Marketing is the art and science of presenting goods, services and concepts to people in a way that is expected to elicit a positive or negative reaction from them. One of its most important concepts, the Black Box Stimulus-Response Theory of Consumer Behavior, was first published in 1967 by Philip Kotler in his book "Marketing Management." The book is widely considered one of the world's leading books on marketing and is a standard college text.
When a person is given certain input or stimulus, that stimulus affects the person's actions. What happens in the person's mind to cause that behavior has remained mostly a mystery -- hence the name "black box." However, advances in technology and neuroscience have allowed researchers to study the effects of specific stimulus on the human brain and map the neurological response.

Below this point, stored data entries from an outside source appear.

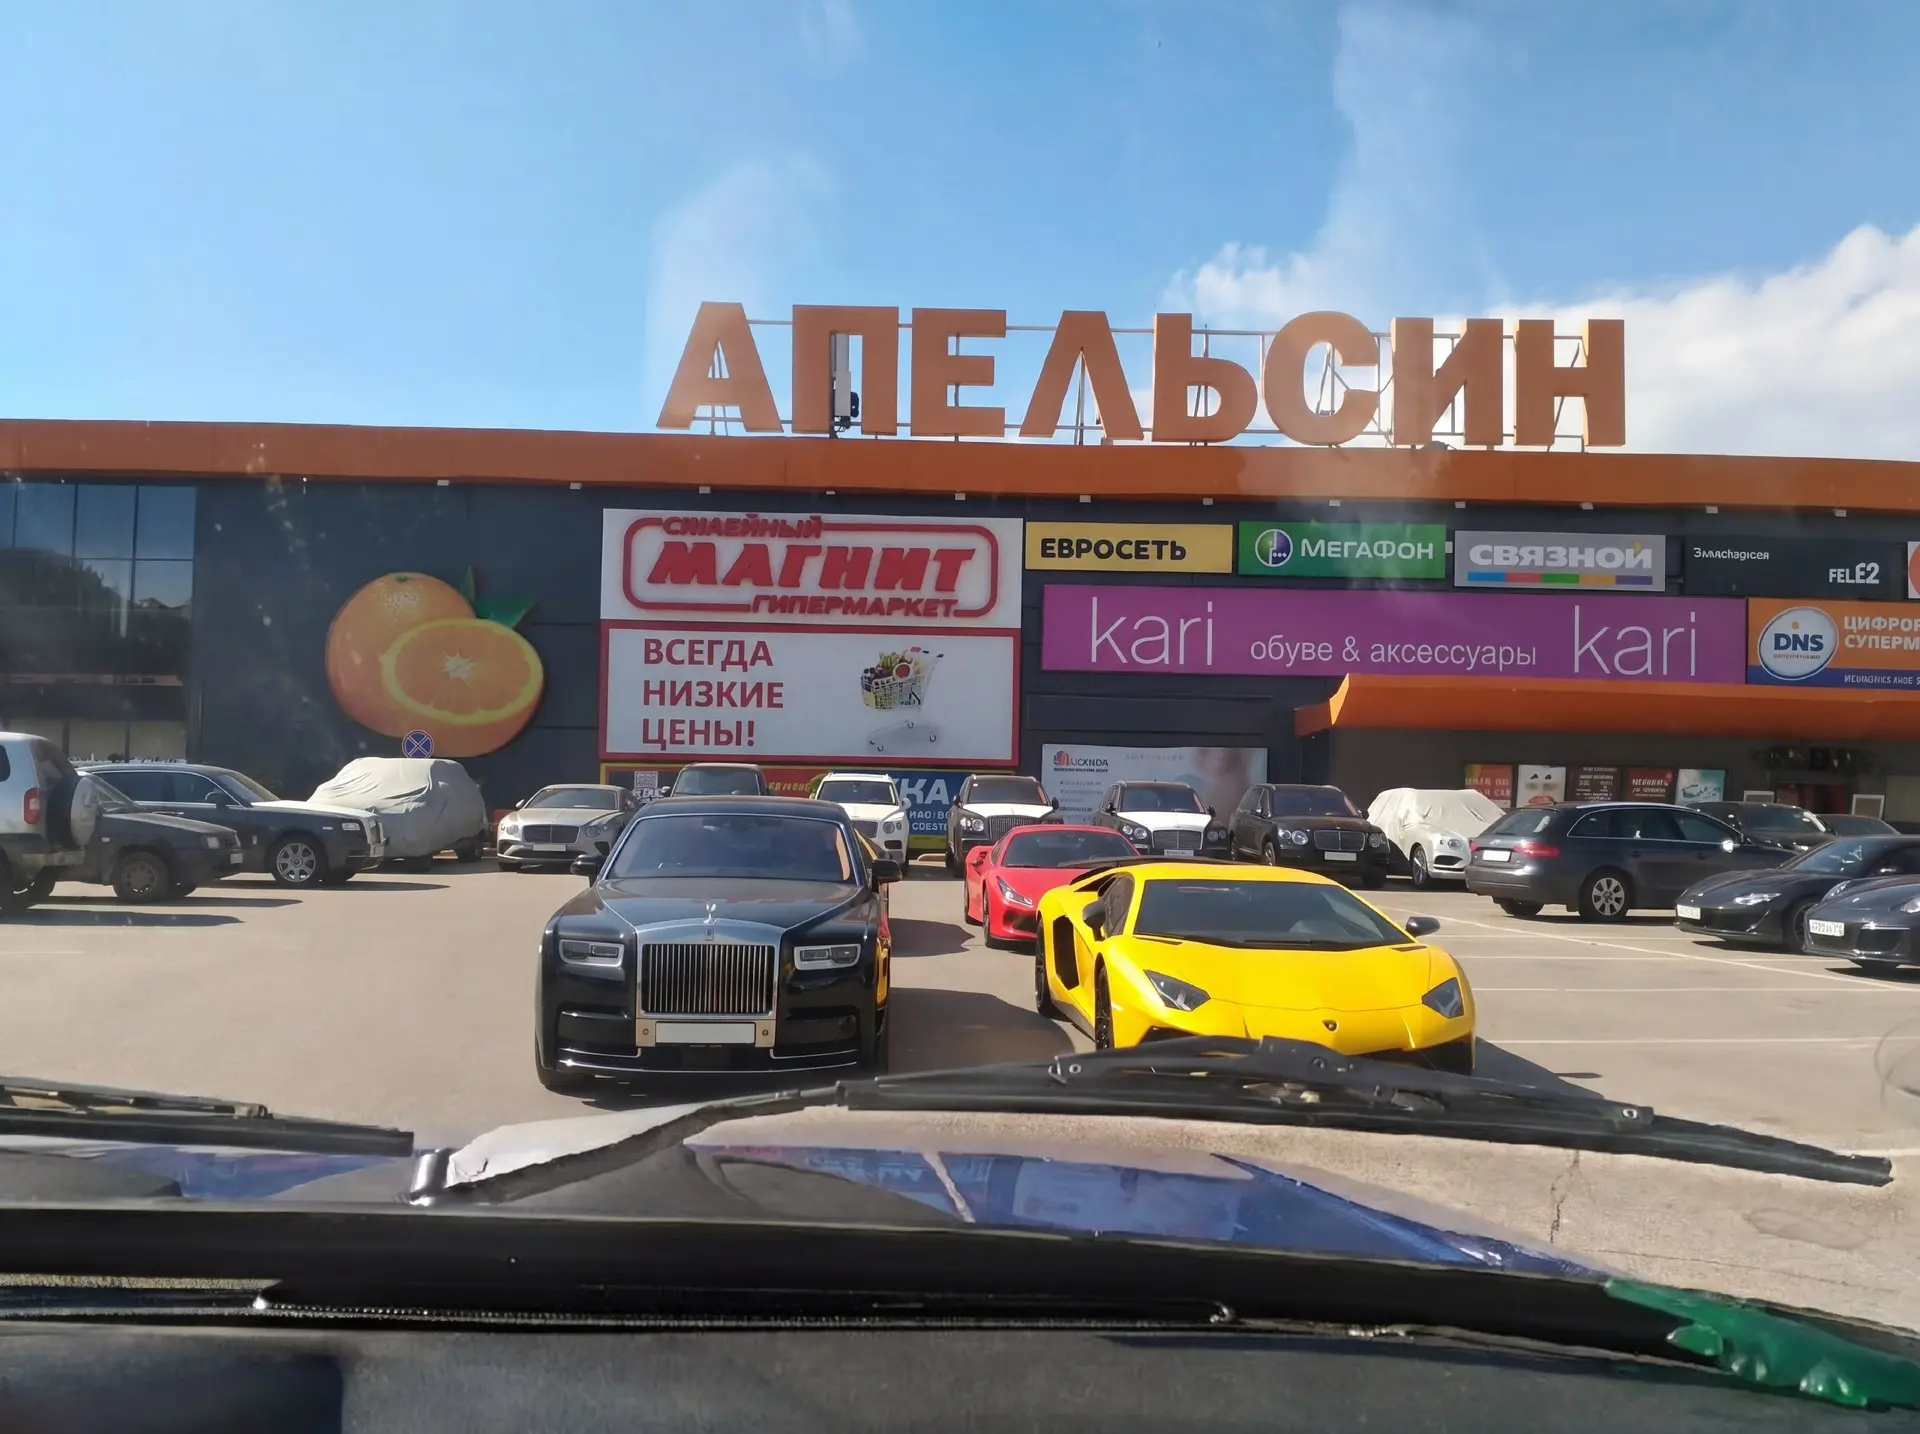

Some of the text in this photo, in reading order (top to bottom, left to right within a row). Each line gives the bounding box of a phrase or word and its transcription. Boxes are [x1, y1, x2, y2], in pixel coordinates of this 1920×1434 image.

[656, 301, 1627, 447] АПЕЛЬСИН
[1041, 537, 1187, 561] ЕВРОСЕТЬ
[1468, 542, 1653, 569] СВЯЗНОЙ
[647, 541, 976, 592] МАГНИТ
[752, 595, 958, 618] ГИПЕРМАРКЕТ
[1090, 597, 1214, 665] kari
[1573, 604, 1698, 677] kari
[1774, 633, 1824, 651] DNS
[644, 639, 773, 672] ВСЕГДА
[1250, 634, 1537, 672] обуве & аксессуары
[643, 680, 784, 709] НИЗКИЕ
[641, 719, 755, 751] ЦЕНЫ!

Kotler postulated that in the consumer's black-box of a mind, stimuli including product, price, promotion and place are processed against other stimuli -- economic, political, social and technological -- to arrive at a buyer response. This response governs product choice, brand choice, retail choice, dealer choice, purchase timing, purchase amount and purchase frequency. Kotler's theory stated that the differences in buyer behavior depended on the contents of the black box which included buyer characteristics and decision-making. Characteristics include:
- attitudes
- motivation
- perceptions
- personality
- lifestyle
- knowledge
Decision-making includes problem recognition, information search, alternative evaluation, purchase decision and post-purchase behavior.
This theory resulted in marketing tools such as focus groups, market research and testing to determine the hot buttons to use in advertising goods, services and concepts to the public. Marketers strove to find relations between the stimulus and the consumer behavior. In the first decade of the 21st century, neuroscience and biometrics established that brain function recorded in EEGs of subjects given certain visual, tactile and audio stimulation could provide a road-map to probable behavioral response. An example of neurological testing to achieve marketing knowledge is the embedding of advertisement breaks into a basic video presentation and measuring the EEG response.

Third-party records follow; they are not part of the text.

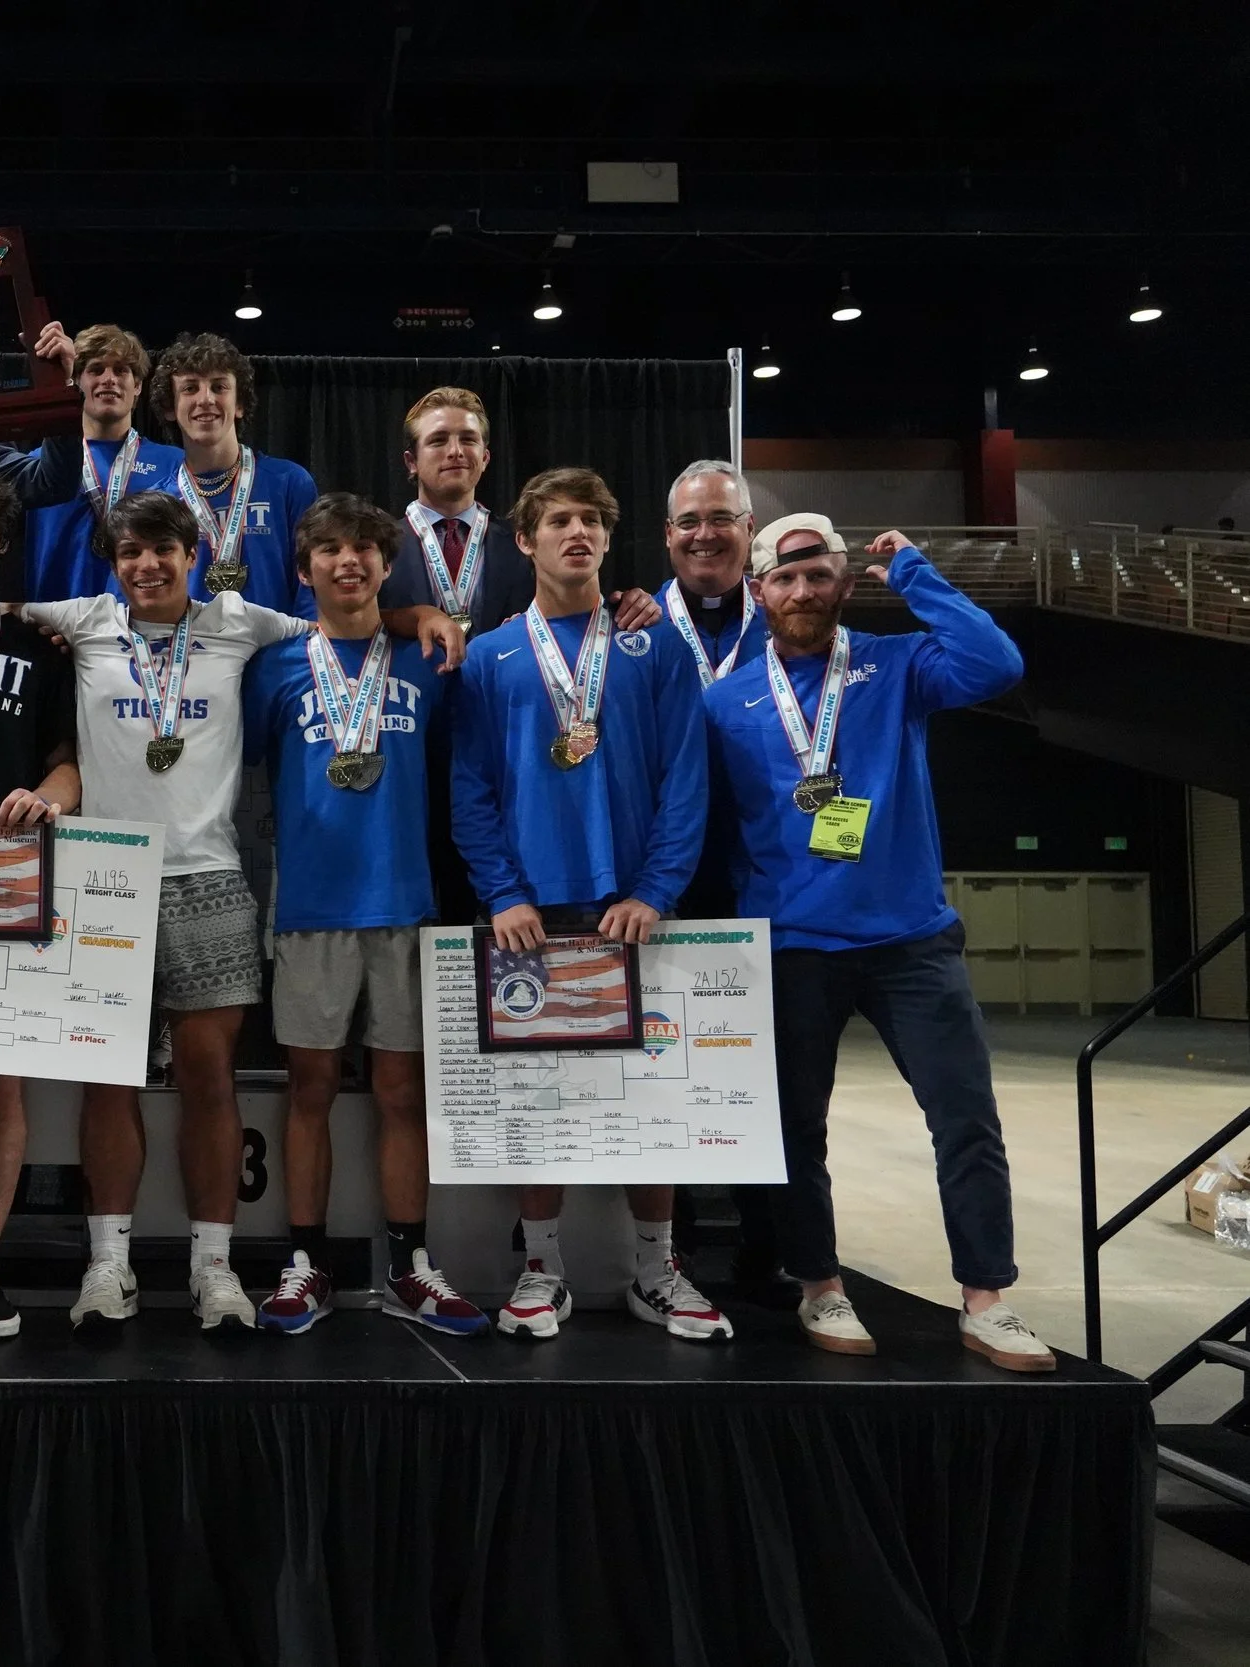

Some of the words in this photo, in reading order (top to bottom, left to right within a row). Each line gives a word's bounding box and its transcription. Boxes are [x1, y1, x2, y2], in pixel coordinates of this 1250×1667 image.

[229, 487, 247, 535] WRESTLING
[460, 543, 478, 590] WRESTLING
[677, 616, 704, 666] WRESTLING
[587, 652, 603, 709] WRESTLING
[319, 671, 341, 725] WRESTLING
[351, 676, 373, 730] WRESTLING
[817, 693, 836, 753] WRESTLING
[15, 828, 37, 836] Fame
[4, 836, 37, 844] Museum
[86, 870, 99, 887] 2A
[104, 870, 129, 888] 195
[84, 888, 113, 898] WEIGHT
[114, 890, 136, 899] CLASS
[79, 936, 135, 949] CHAMPION
[434, 938, 468, 950] 2022
[568, 939, 586, 947] Hall
[586, 945, 621, 953] Museum
[694, 971, 711, 988] 2A
[715, 968, 740, 988] 152
[724, 989, 747, 997] CLASS
[69, 1034, 83, 1043] 3rd
[84, 1036, 107, 1045] Place
[693, 1038, 752, 1048] CHAMPION
[238, 1128, 267, 1202] 3

Television allows visual cues to be transmitted to viewers as part of advertising, but the Internet and its reach beyond the computer into automobiles, phones, connected wearables and future products, allows the presentation of stimuli and the recording of behavioral response. With tracking and accumulation of unimaginable amounts of data from search terms, online purchases, posted comments and other online behavior, this data can be analyzed to isolate stimulus-response on even an individual basis. The result is better targeting of online and offline advertisements -- even to the point of being able to predict human reactions to events. As this science develops, it will take much of the guesswork out of marketing and enable marketers to accurately provide consumers with exactly what they want, when and where they are prepared to make a purchase.